La crisi agraria di fine Ottocento obbligò gli industriali ad adeguare i salari degli operai, così cominciarono le emigrazioni  dei contadini disoccupati.




 

Il salario femminile subì un'ulteriore ribasso. L'apporto economico delle donne al reddito familiare era indispensabile.

Fino all'inizio del 1900 in Italia non esistevano forme di prevenzione contro gli infortuni, né forme di igiene industriale, l'impiego di minori e donne, la lunghezza della giornata lavorativa, il lavoro notturno e gli ambienti malsani producevano effetti sul fisico. Nelle filande le donne erano costrette a tenere per molto tempo le mani nelle tinozze d'acqua bollente, nei cotonifici la polvere e i coloranti danneggiavano l'apparato respiratorio.

I divieti, gli obblighi e il relativo sistema di punizioni, trasformavano gli opifici in luoghi simili a carceri duri.

I caratteri del lavoro femminile erano perciò: la divisione sessuale del lavoro, la formazione differenziata, l'attribuzione di mansioni meno qualificate e con paghe inferiori, il prevalere del ruolo riproduttivo e domestico, nella considerazione della donna e la sua collocazione sociale inferiore.

Esaminiamo ora un'altra questione molto importante: l'istruzione.

Prima della legislazione unitaria, esperimenti di scuola di base sia maschile che femminile si ebbero nel Lombardo Veneto, nel Granducato di Toscana e nel Regno di Sardegna; in questi casi oltre al tasso di frequenza molto basso si accentuava il divario tra scolarità maschile e femminile. La qualità dell'insegnamento nelle scuole private femminili era approssimativa se non di più. Esempi di ciò erano li possiamo trovare negli istituti che non insegnavano a scrivere per impedire che le ragazze scrivessero lettere d'amore. 

L'obbligatorietà dell'istruzione di base per entrambi i sessi fu stabilita in Piemonte nel 1859 con la Legge Casati, che fu successivamente estesa a tutta l'Italia dalla più incisiva Legge Coppino del 1887 che presentava però due limiti:

Non prevedeva sanzioni per i genitori che non mandavano i propri figli a scuola;

Confermava la divisione dei ruoli e disparità formativa tra maschi e femmine.

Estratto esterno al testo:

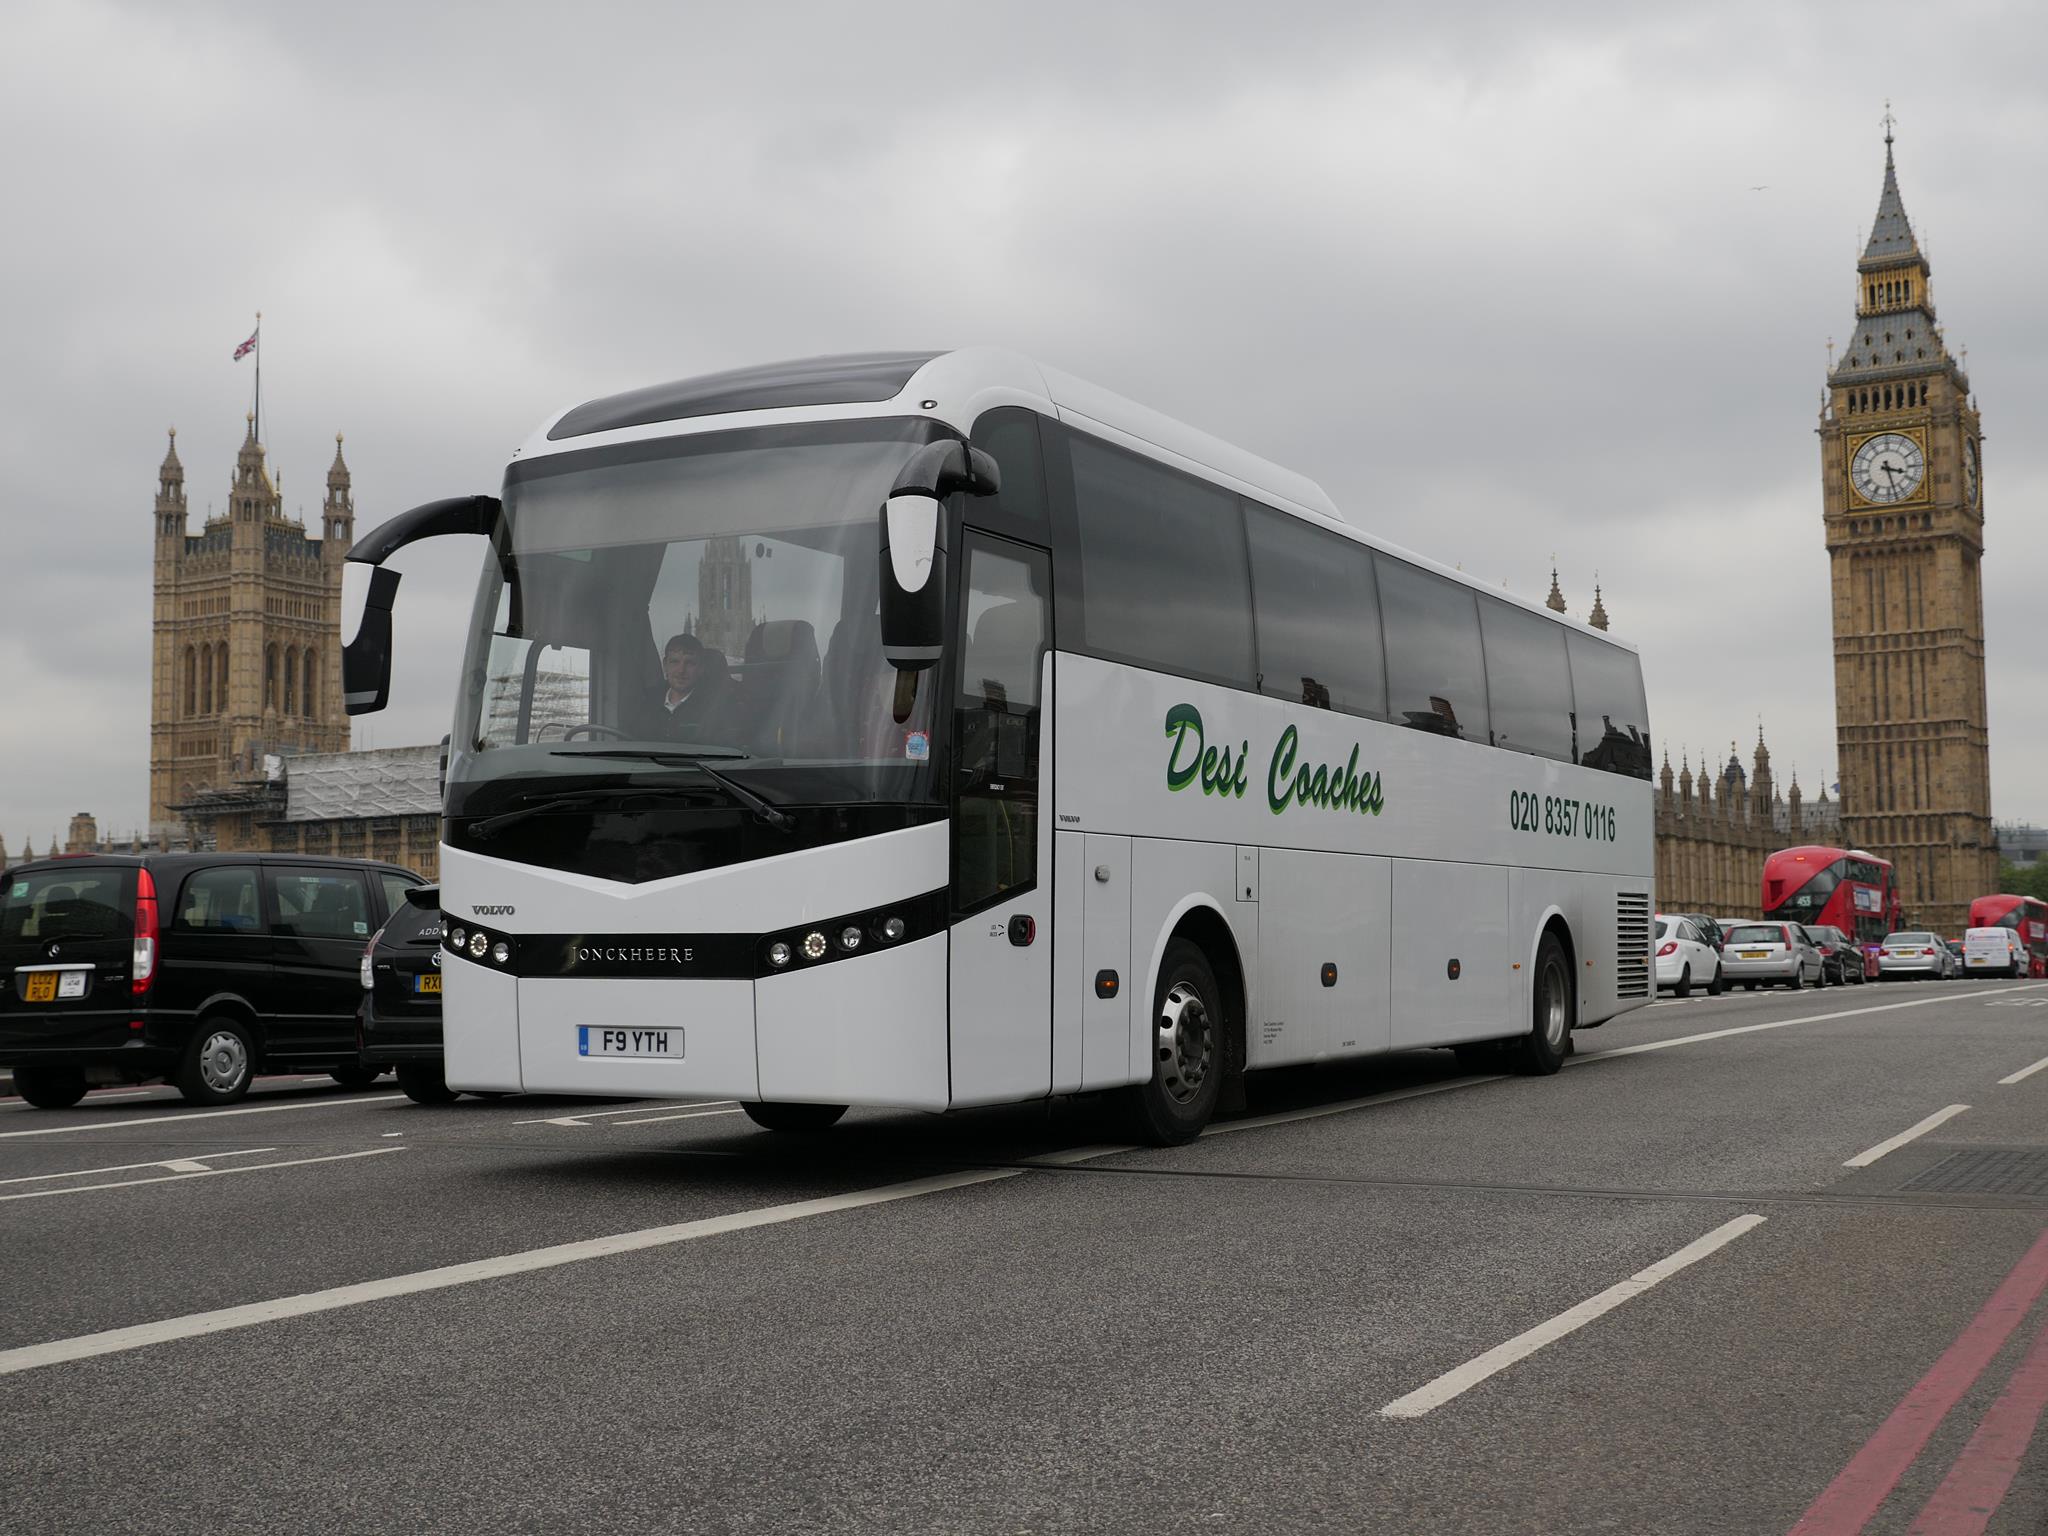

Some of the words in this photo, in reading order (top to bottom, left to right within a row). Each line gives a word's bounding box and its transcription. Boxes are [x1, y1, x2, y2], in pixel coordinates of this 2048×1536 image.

[1165, 703, 1248, 799] Desi
[1267, 724, 1385, 817] Coaches
[1511, 790, 1539, 832] 020
[1545, 795, 1580, 837] 8357
[1584, 802, 1616, 842] 0116
[472, 905, 515, 915] VOLVO
[1797, 895, 1811, 907] 453
[603, 1030, 627, 1052] F9
[632, 1031, 668, 1053] YTH

Nell'Ottocento l'analfabetismo fu sicuramente più diffuso tra le donne.

Nel 1883 le ragazze furono ammesse nei licei e negli istituti tecnici. Tra le scuole secondarie pubbliche, furono le scuole normali (scuole per diventare insegnanti) a registrare la maggiore affluenza di donne. Anche in queste scuole esisteva una diversificazione del curriculum, considerato che per le maestre erano previsti i "lavori donneschi", mentre per i maschi nozioni di diritto civile.

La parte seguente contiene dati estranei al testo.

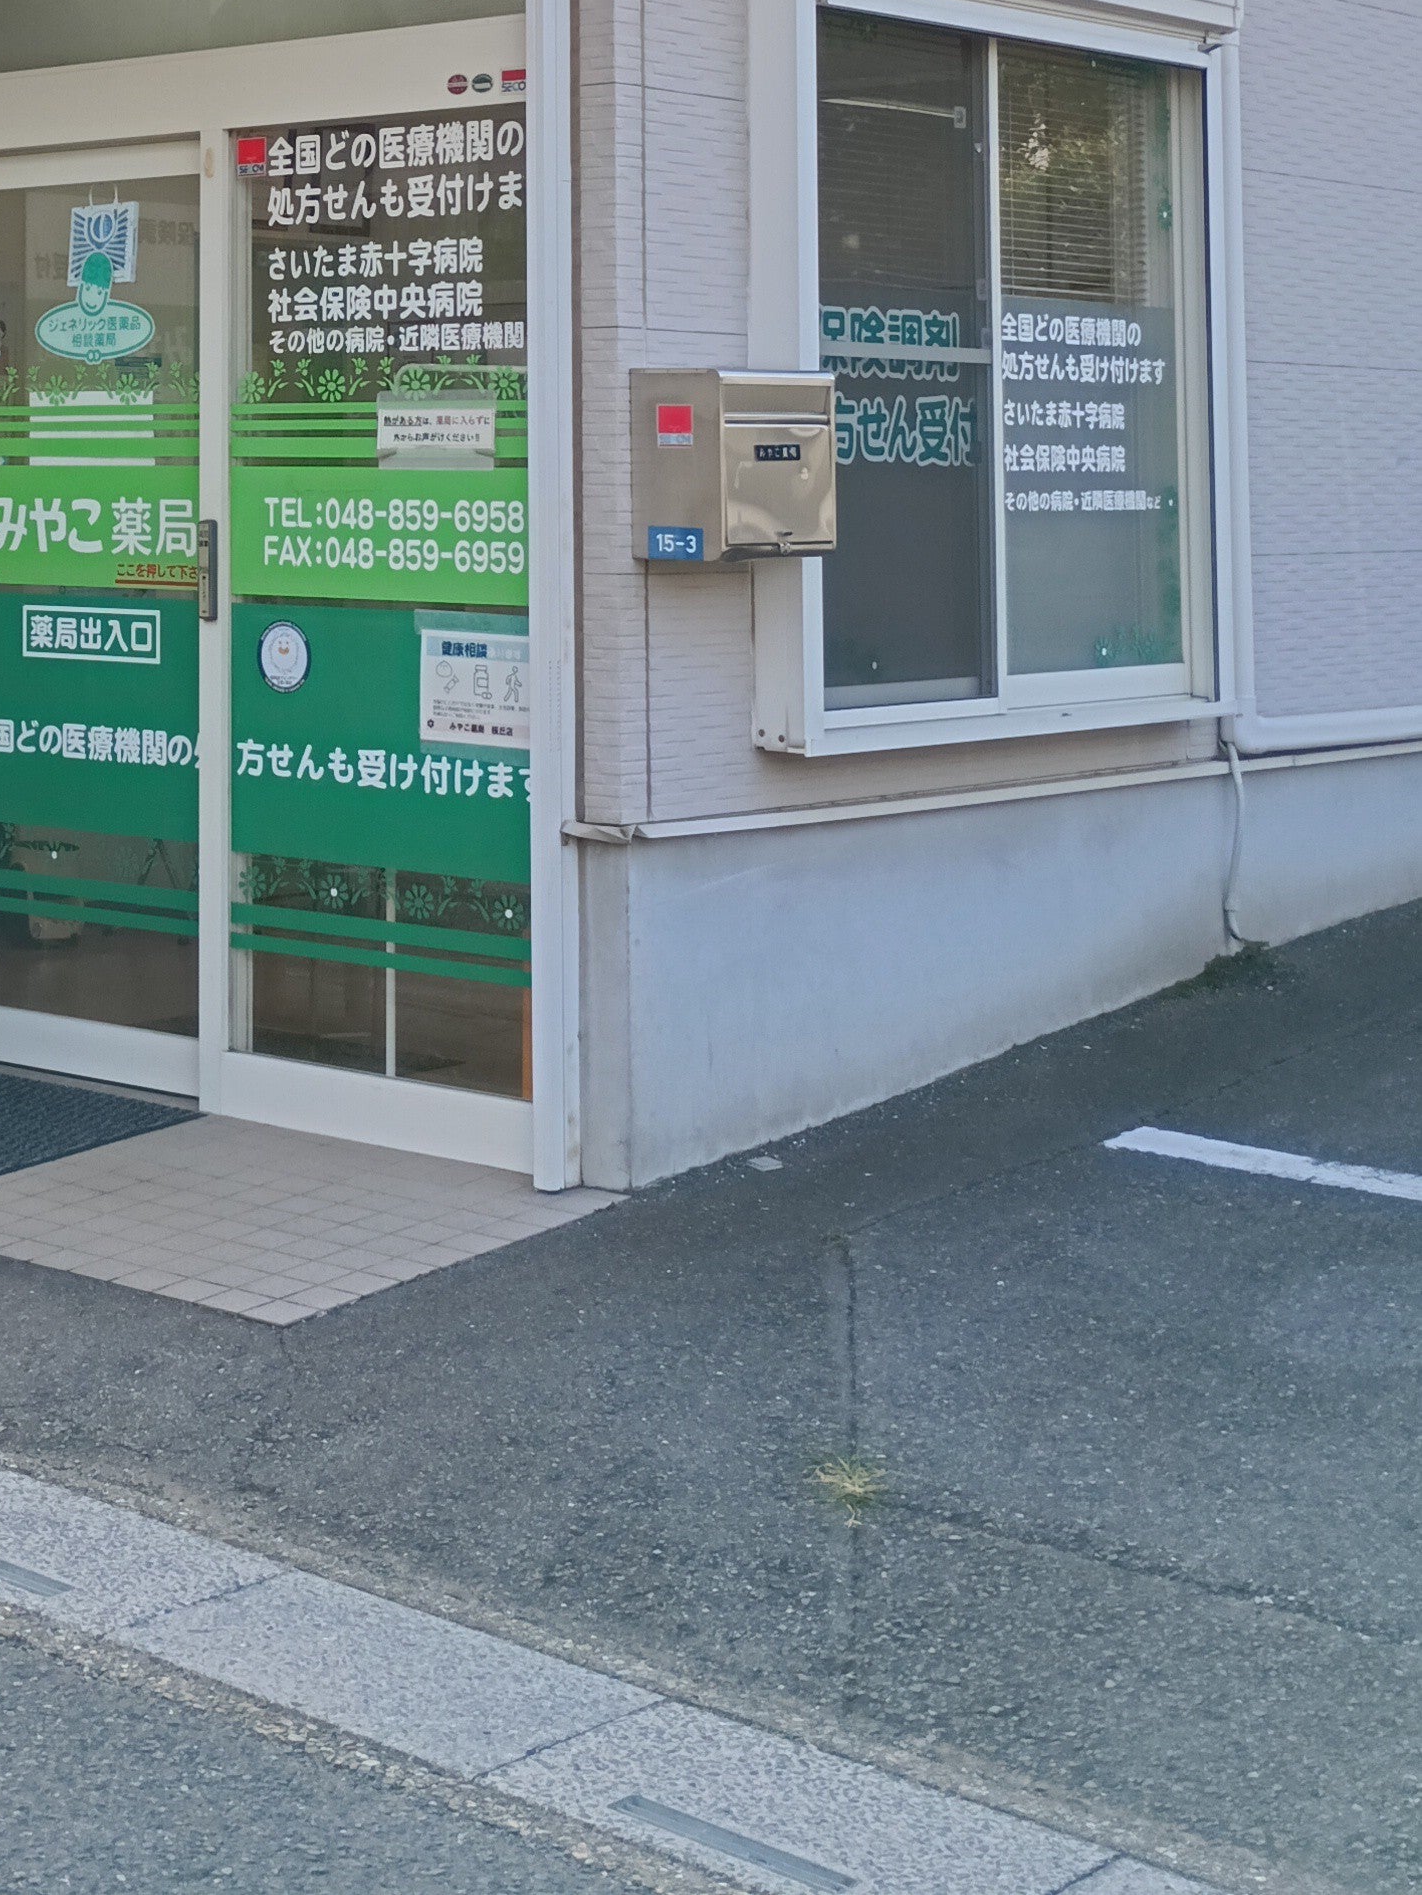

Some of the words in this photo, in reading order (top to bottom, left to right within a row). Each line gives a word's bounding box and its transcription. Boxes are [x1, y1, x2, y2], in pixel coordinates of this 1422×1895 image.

[268, 118, 524, 177] 全国どの医療機関の
[267, 171, 523, 227] 処方せんも受付けま
[268, 236, 483, 281] さいたま赤十字病院
[267, 280, 483, 323] 社会保険中央病院
[268, 321, 525, 354] その他の病院・近隣医療機関
[1001, 312, 1142, 349] 全国どの医療機関の
[1001, 351, 1166, 386] 処方せんも受け付けます
[1003, 399, 1126, 432] さいたま赤十字病院
[1003, 444, 1126, 474] 社会保険中央病院
[656, 533, 697, 554] 15-3
[29, 614, 154, 653] 薬局出入口

Quella della maestra fu una delle poche professioni che si aprirono alle donne del ceto borghese.

Esisteva una sorta di graduatoria di stipendio, per cui al primo posto si trovano i maestri, quindi le maestre.

Costrette a lunghi periodi lontane da casa vivevano fra pregiudizi e condizionamenti. Alla fine dell'Ottocento, a seguito dello sviluppo del commercio e delle comunicazioni, troviamo la figura dell'impiegata.

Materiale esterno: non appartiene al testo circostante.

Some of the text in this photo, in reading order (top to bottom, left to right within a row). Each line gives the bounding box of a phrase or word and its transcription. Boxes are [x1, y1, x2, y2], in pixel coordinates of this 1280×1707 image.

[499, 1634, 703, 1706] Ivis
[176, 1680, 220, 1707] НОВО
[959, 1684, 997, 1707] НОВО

Con i regolamenti di Bonghi e Coppino (1876) vennero aperte le porte delle università alle donne. Il numero di queste crebbe in modo lineare, raggiungendo la cifra di 257 lauree tra il 1877 e il 1900.

Solo dopo la Prima guerra mondiale fu abolita la norma discriminante e le donne furono ammesse a esercitare le professioni liberali.

Inoltre nel 1878 furono creati due istituti superiori di magistero femminile a Roma e a Firenze.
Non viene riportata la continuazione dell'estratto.